Frequently Asked Questions

What is MAPL (Maximum Allowable Path Loss)?

MAPL is the maximum path loss a radio link can sustain while still maintaining the minimum required received signal level at the receiver. It is calculated as: MAPL = TX_power + TX_antenna_gain − TX_losses − RX_sensitivity − RX_losses + RX_antenna_gain − fade_margin − interference_margin. MAPL directly sets the maximum range of a cell — a higher MAPL allows a larger cell radius.

What is the Okumura-Hata path loss model?

The Okumura-Hata model (3GPP TR 36.942, ITU-R P.529) is an empirical formula for predicting median path loss in urban, suburban and rural macrocell environments at 150–1500 MHz. It was derived from Okumura's measured data and parameterised by Hata for base station height, mobile height, and carrier frequency. The COST-231 extension covers 1500–2000 MHz, making it applicable to LTE Band 3 and 2100 MHz deployments.

How is the number of sites calculated from cell radius?
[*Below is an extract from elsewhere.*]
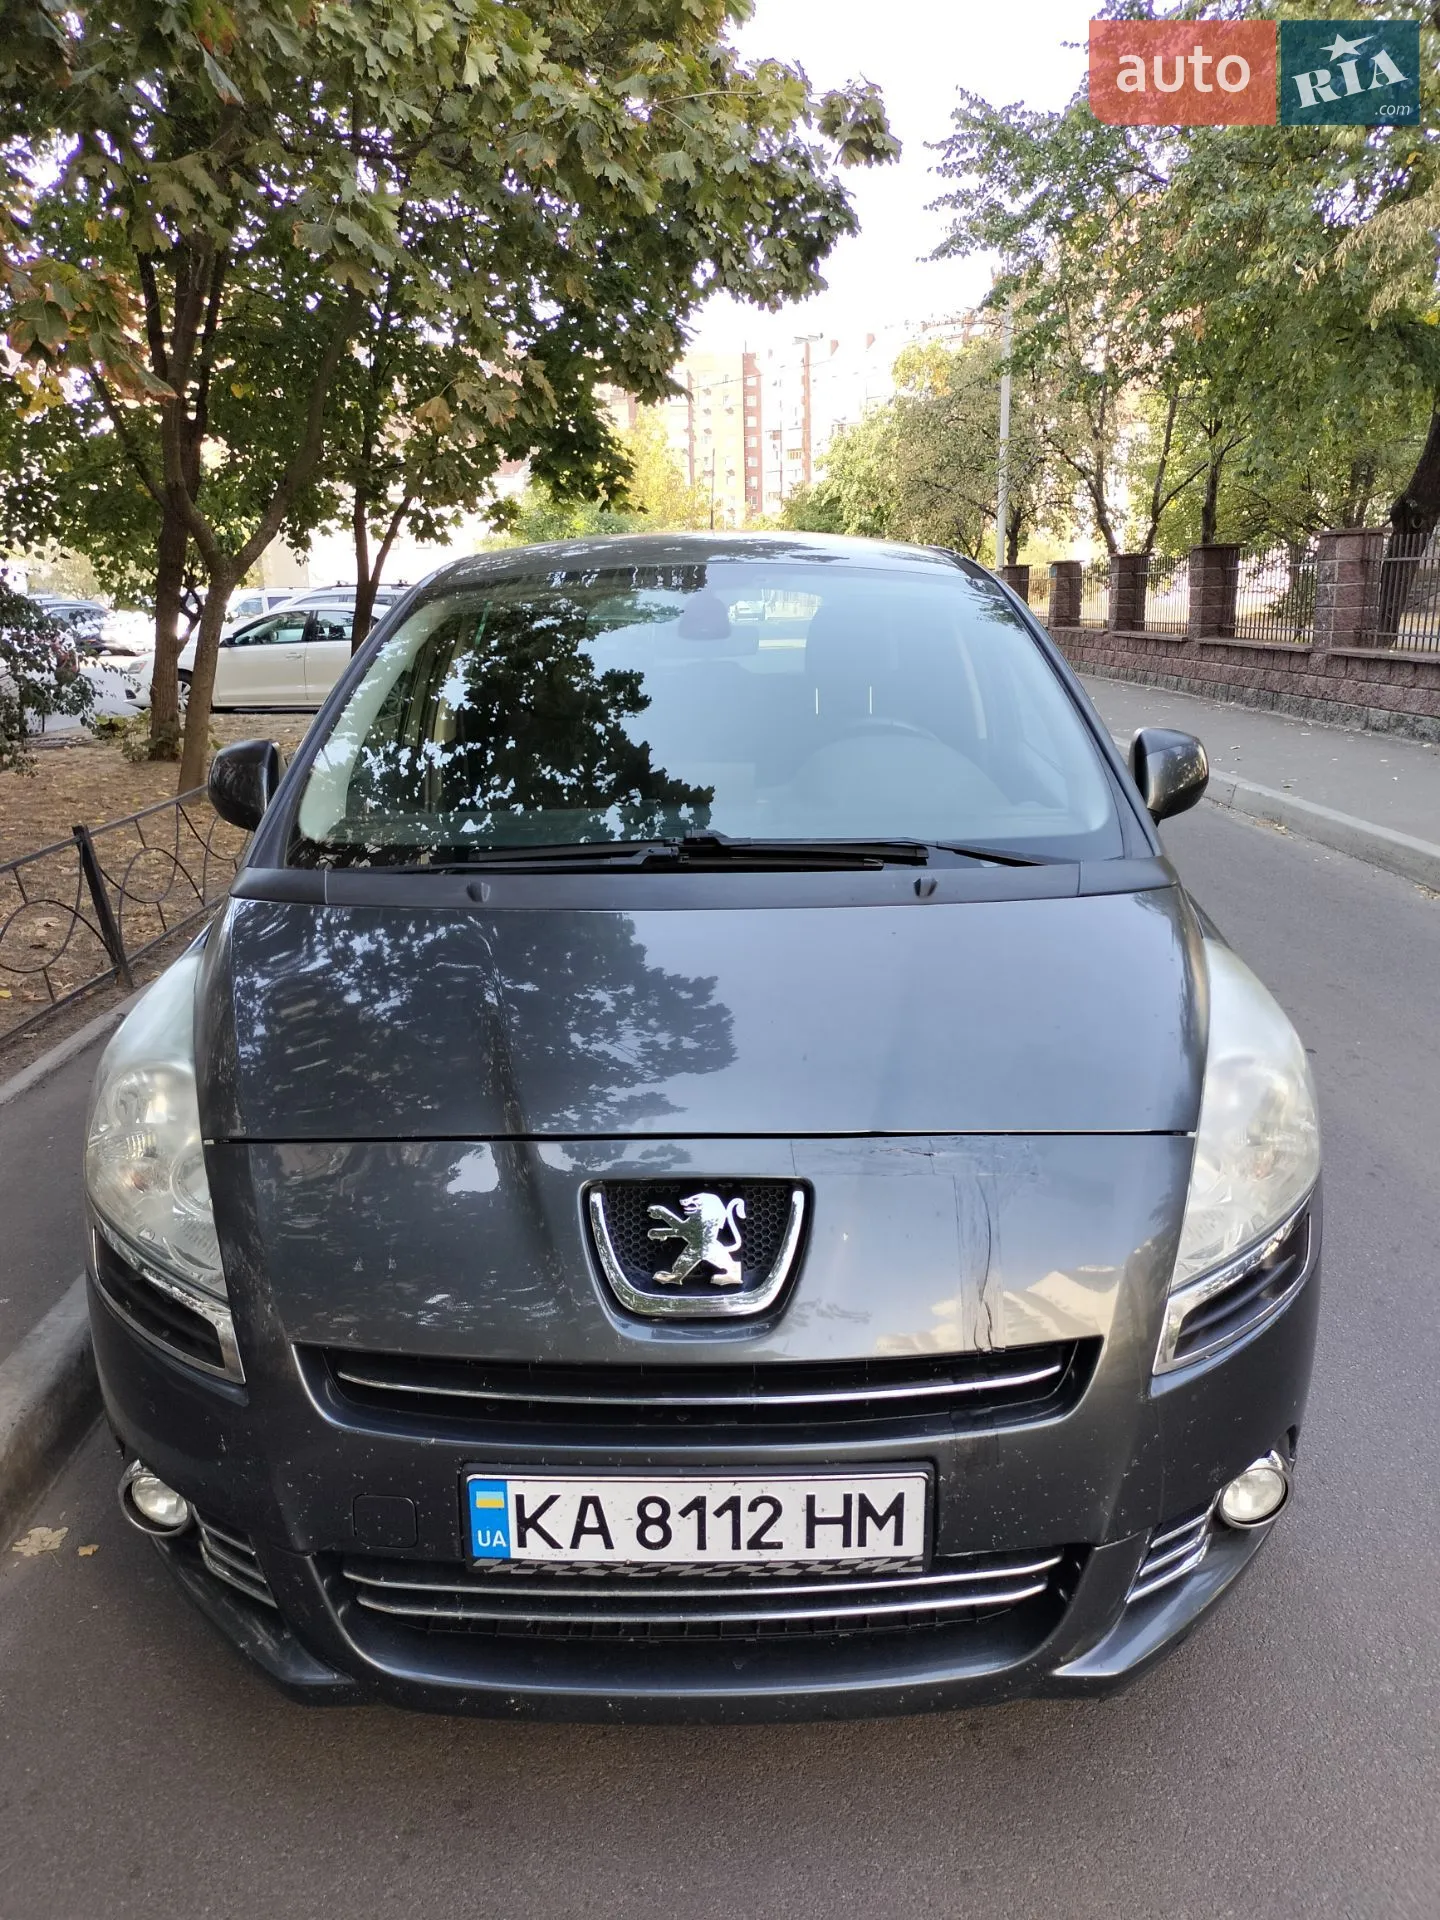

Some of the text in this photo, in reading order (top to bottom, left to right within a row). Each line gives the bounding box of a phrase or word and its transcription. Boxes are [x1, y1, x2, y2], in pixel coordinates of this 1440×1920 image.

[477, 1529, 507, 1547] UA
[515, 1492, 905, 1550] KA 8112 HM
For a hexagonal cell layout (the standard cellular planning approximation), the cell area for a 3-sector site is 2.598 × R² where R is the cell radius in km. The number of sites = ceil(total_coverage_area / cell_area). Inter-site distance (ISD) = 1.732 × R. Actual deployments add 10–20% more sites for terrain irregularities, coverage holes, and capacity hotspots.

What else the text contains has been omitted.